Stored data
[Start of Attachment]
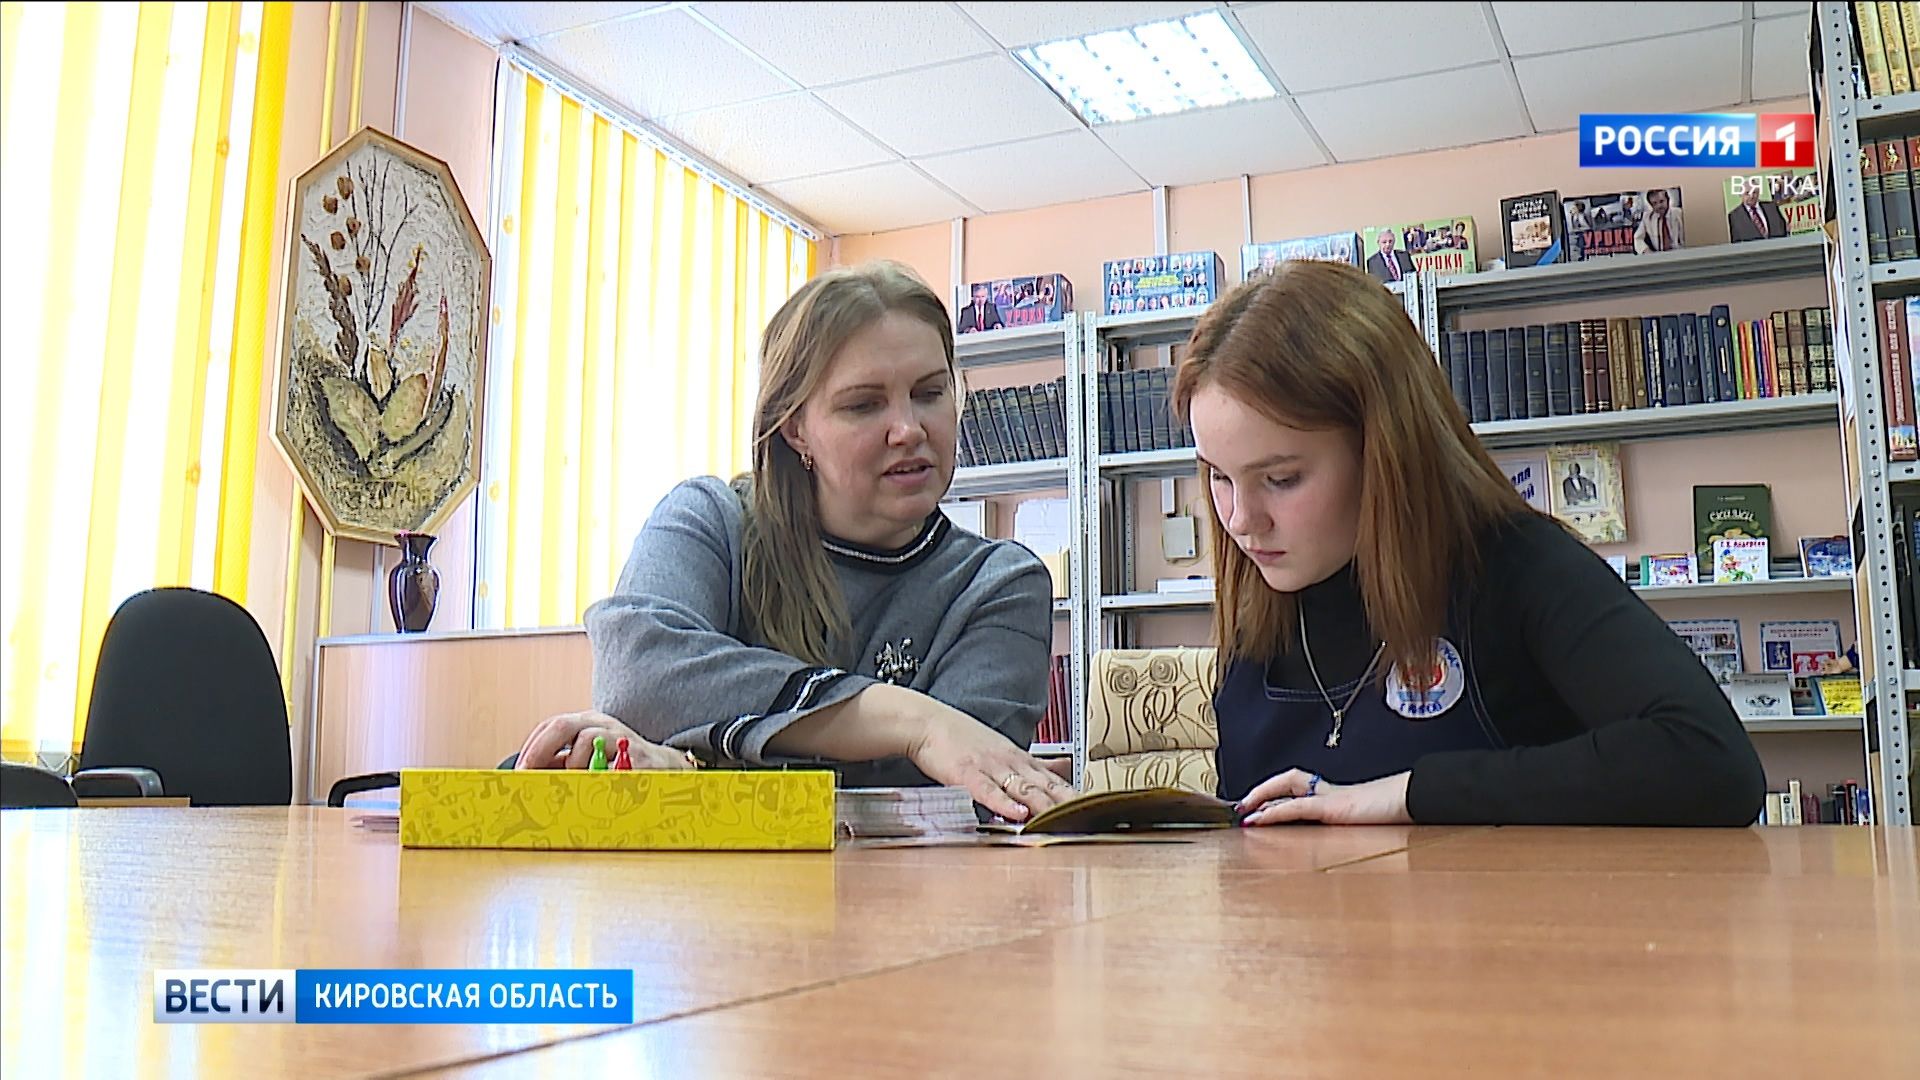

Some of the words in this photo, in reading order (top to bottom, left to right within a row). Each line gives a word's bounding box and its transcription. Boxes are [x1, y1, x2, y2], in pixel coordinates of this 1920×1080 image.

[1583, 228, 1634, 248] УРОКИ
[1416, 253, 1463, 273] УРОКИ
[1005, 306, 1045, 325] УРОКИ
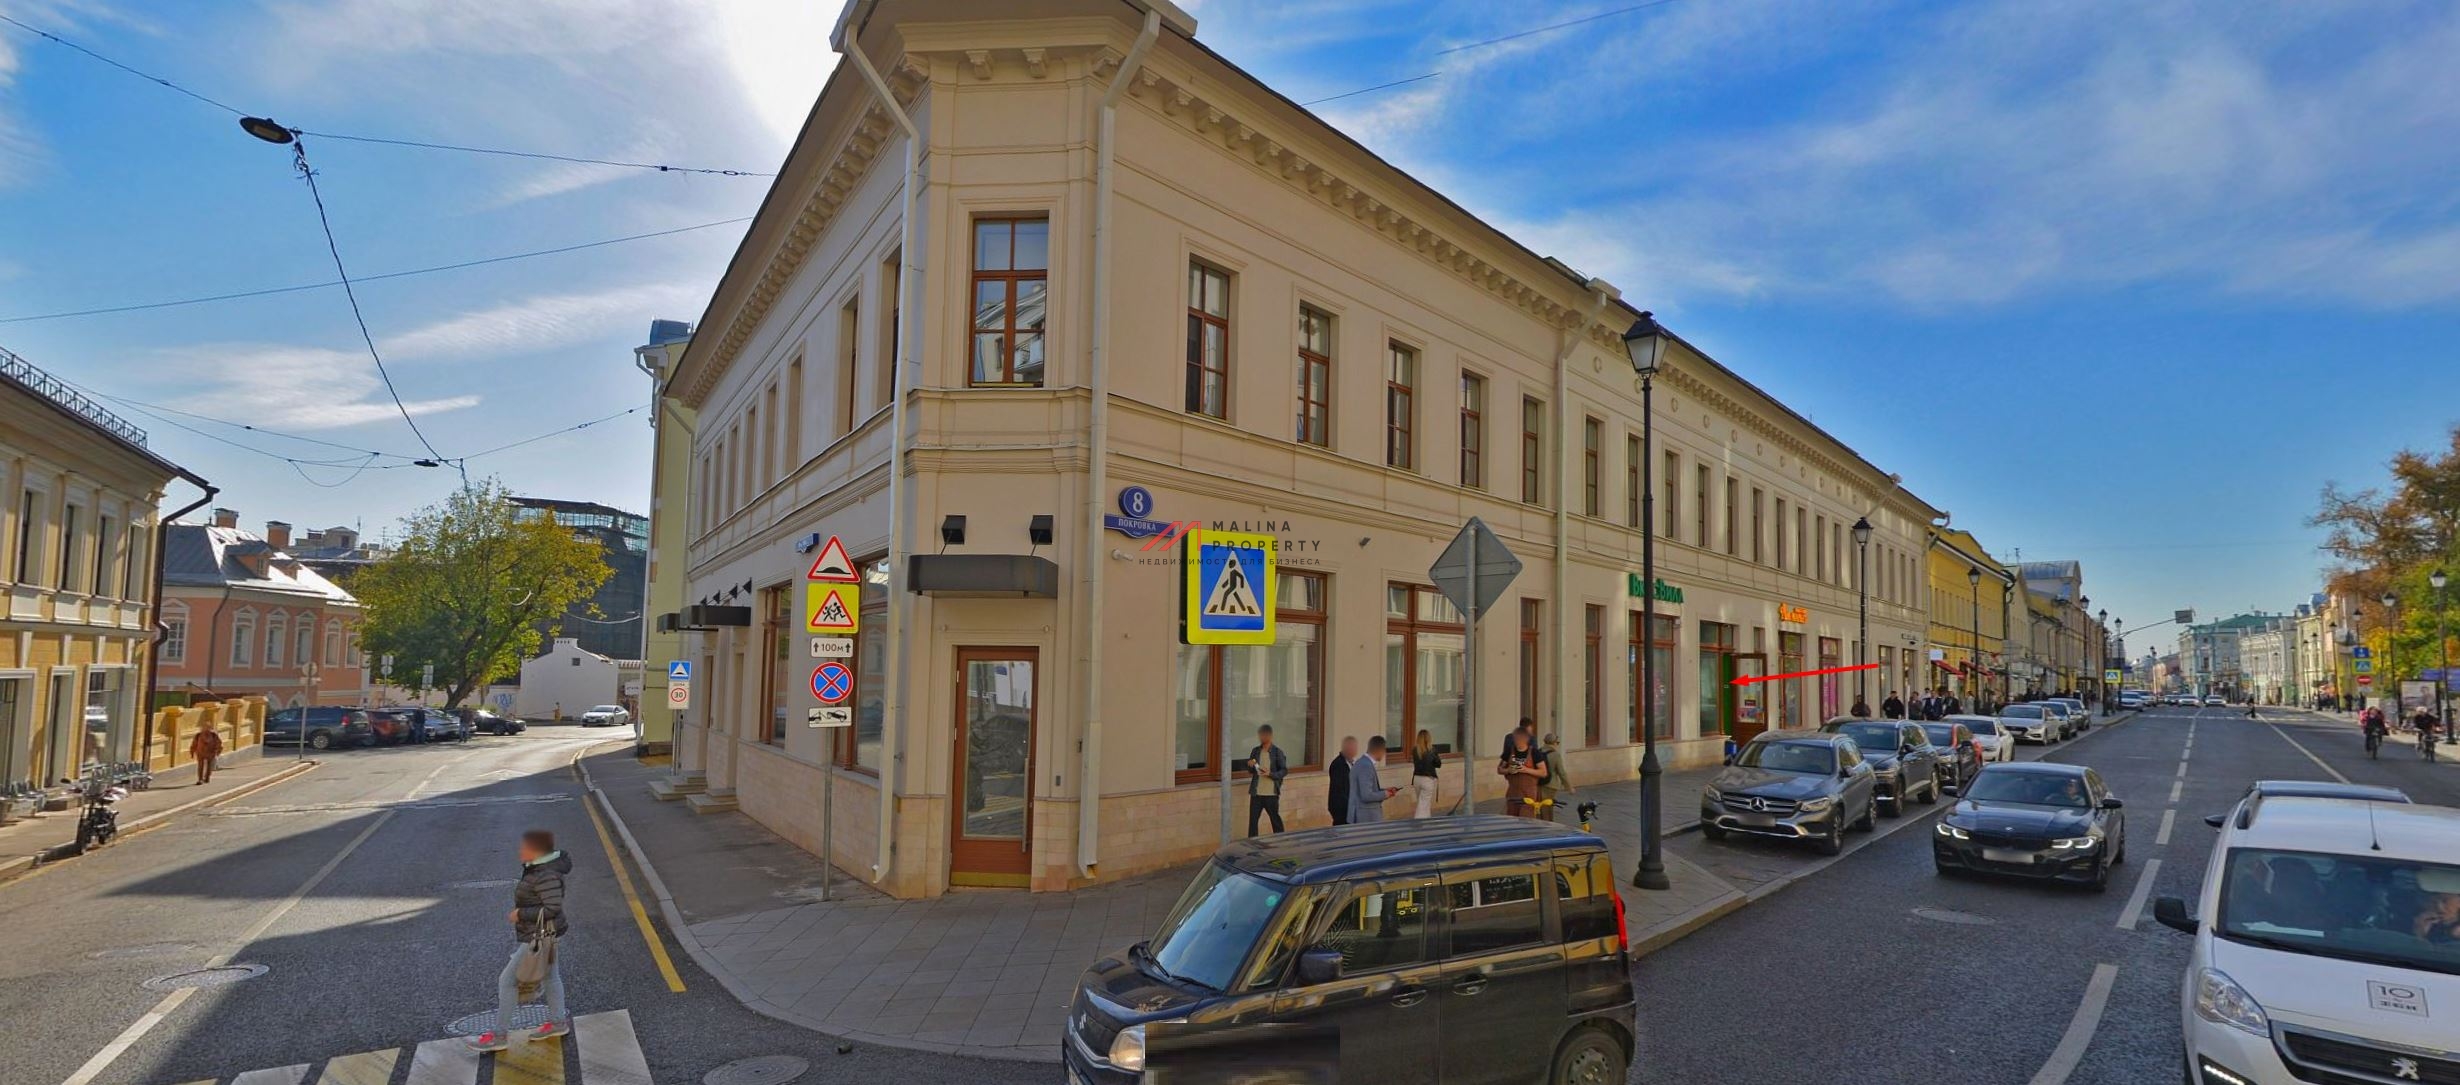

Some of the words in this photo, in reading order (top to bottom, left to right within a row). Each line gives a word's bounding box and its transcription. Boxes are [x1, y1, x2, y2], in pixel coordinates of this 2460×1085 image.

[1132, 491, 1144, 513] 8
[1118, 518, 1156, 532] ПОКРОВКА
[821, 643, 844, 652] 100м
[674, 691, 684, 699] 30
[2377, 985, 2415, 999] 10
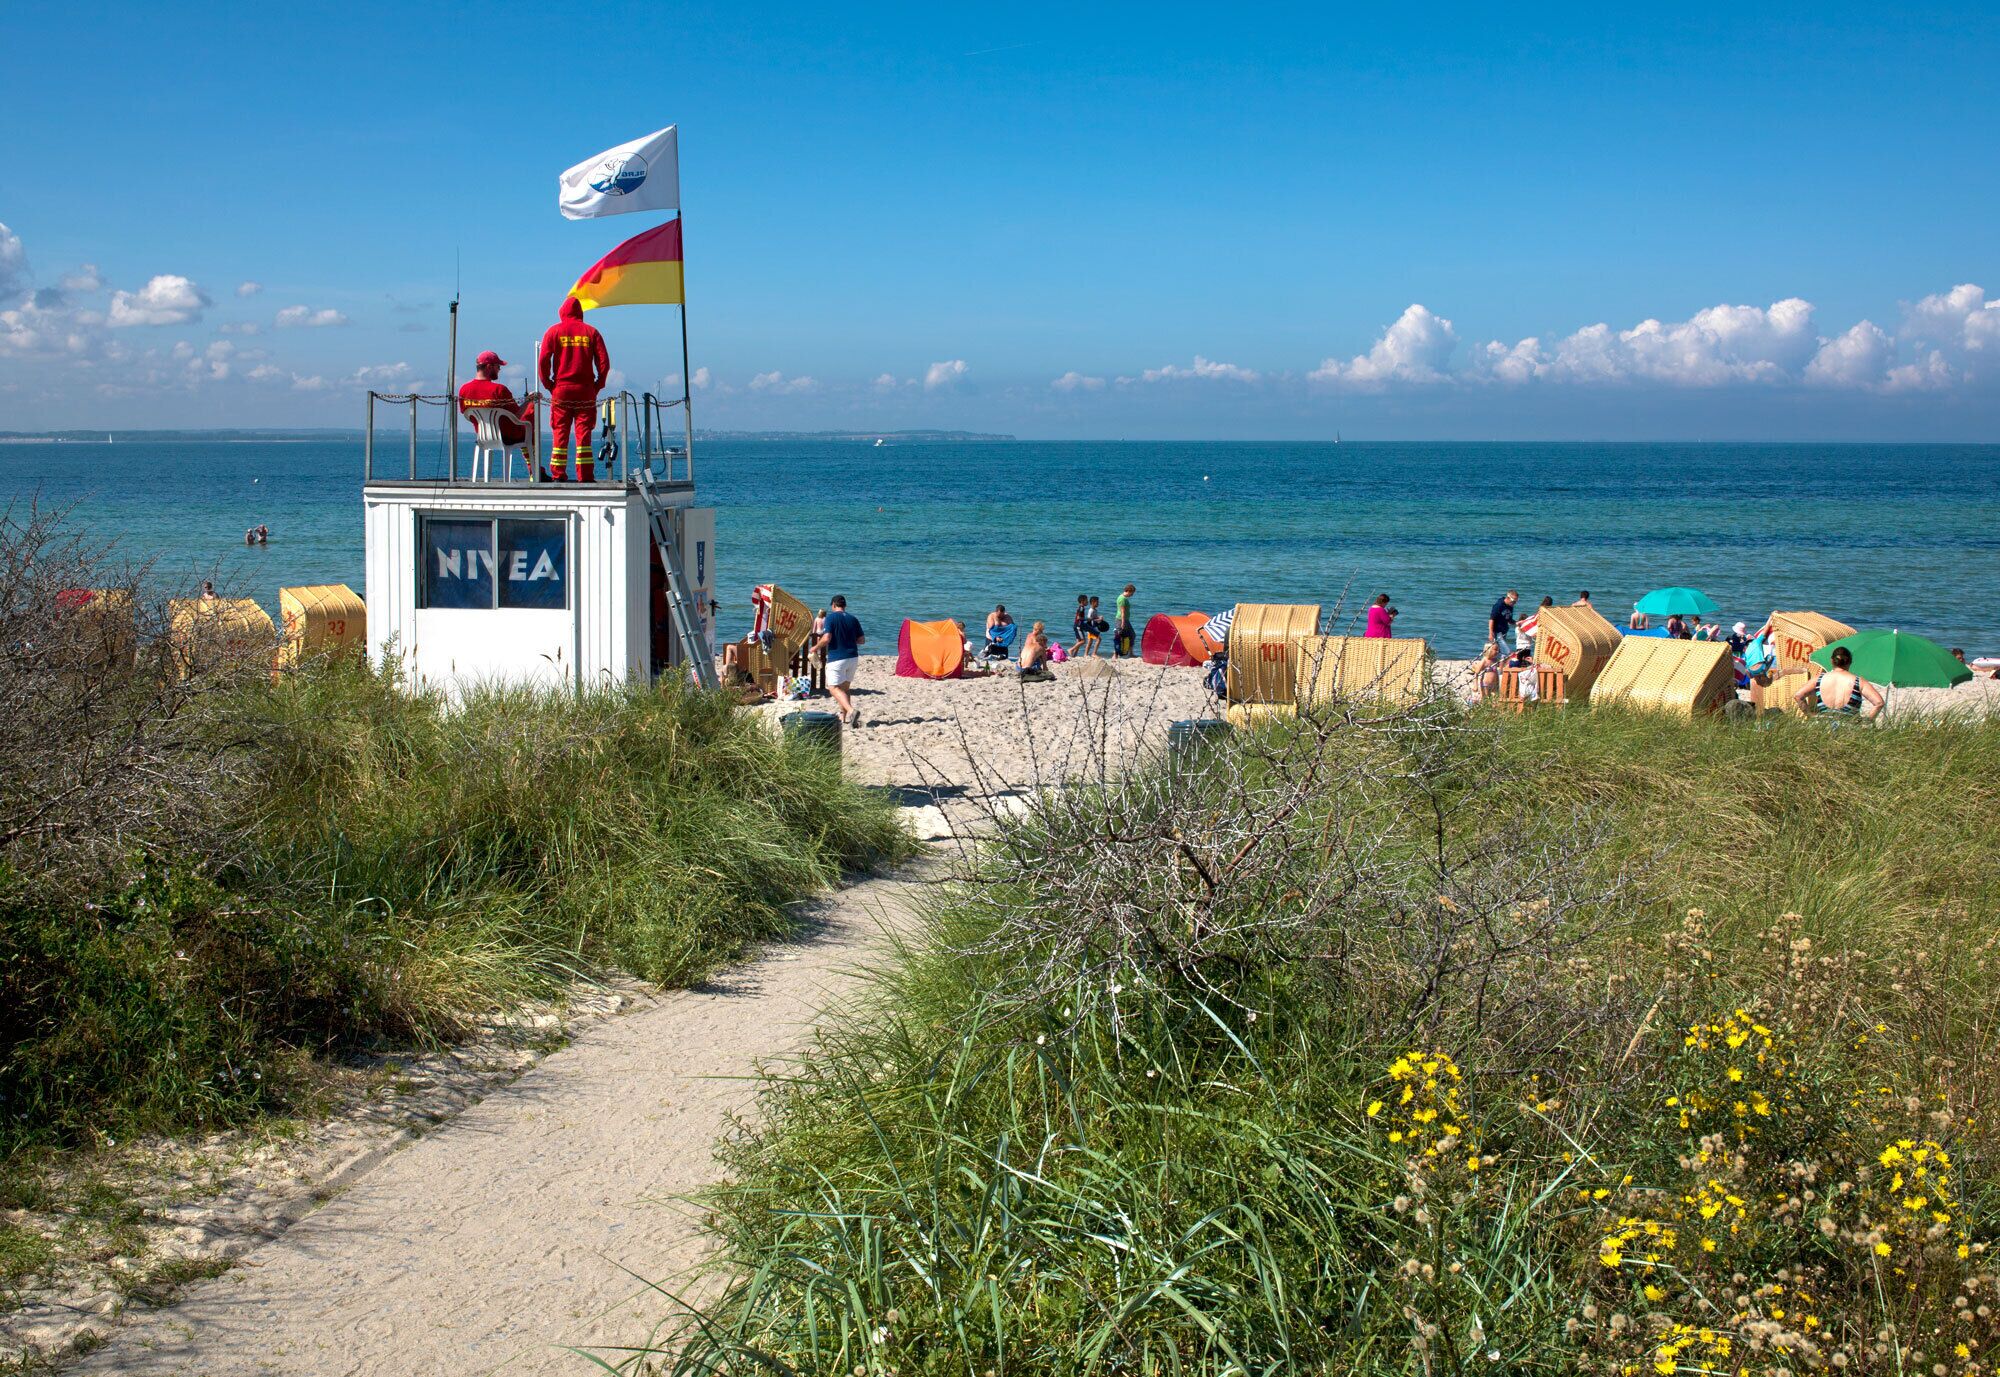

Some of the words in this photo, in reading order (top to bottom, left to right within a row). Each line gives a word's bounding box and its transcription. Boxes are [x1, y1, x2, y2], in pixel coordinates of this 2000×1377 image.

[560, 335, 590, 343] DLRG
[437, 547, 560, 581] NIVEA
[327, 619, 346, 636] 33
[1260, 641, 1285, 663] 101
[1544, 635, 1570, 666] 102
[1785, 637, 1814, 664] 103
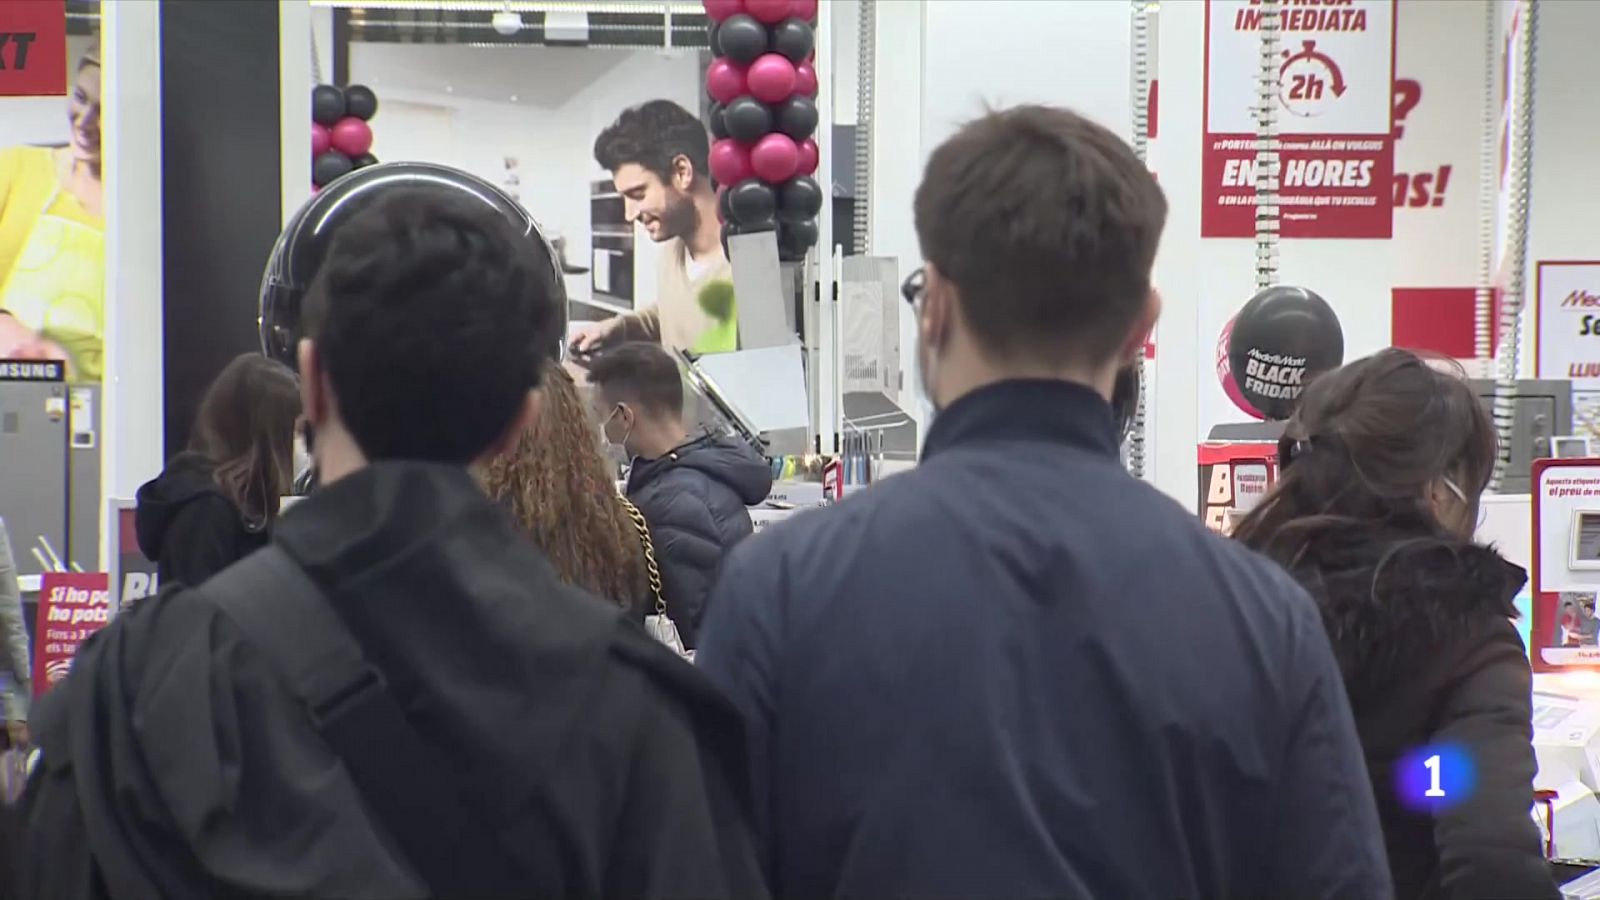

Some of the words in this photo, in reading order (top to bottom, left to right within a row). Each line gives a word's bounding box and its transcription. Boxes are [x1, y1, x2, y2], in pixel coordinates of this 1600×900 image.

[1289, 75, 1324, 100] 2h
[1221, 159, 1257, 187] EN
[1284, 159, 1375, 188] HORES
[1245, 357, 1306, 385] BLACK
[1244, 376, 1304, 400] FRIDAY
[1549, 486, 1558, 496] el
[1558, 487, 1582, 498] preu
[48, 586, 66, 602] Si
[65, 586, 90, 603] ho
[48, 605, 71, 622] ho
[End of Attachment]
* [Work task]
Exactly the lines from the one holding "this 2000×1377 image." through the last line of the entries must be set down, with nothing added and no pictures.

* [Your solution]
Some of the words in this photo, in reading order (top to bottom, left to right within a row). Each line gives a word's bounding box and its transcription. Boxes are [x1, y1, x2, y2], in pixel coordinates of this 2000×1377 image.

[560, 335, 590, 343] DLRG
[437, 547, 560, 581] NIVEA
[327, 619, 346, 636] 33
[1260, 641, 1285, 663] 101
[1544, 635, 1570, 666] 102
[1785, 637, 1814, 664] 103

Some of the words in this photo, in reading order (top to bottom, left to right within a row). Each line gives a word's bounding box and its transcription. Boxes are [x1, y1, x2, y2], in pixel coordinates of this 1600×900 image.

[1289, 75, 1324, 100] 2h
[1221, 159, 1257, 187] EN
[1284, 159, 1375, 188] HORES
[1245, 357, 1306, 385] BLACK
[1244, 376, 1304, 400] FRIDAY
[1549, 486, 1558, 496] el
[1558, 487, 1582, 498] preu
[48, 586, 66, 602] Si
[65, 586, 90, 603] ho
[48, 605, 71, 622] ho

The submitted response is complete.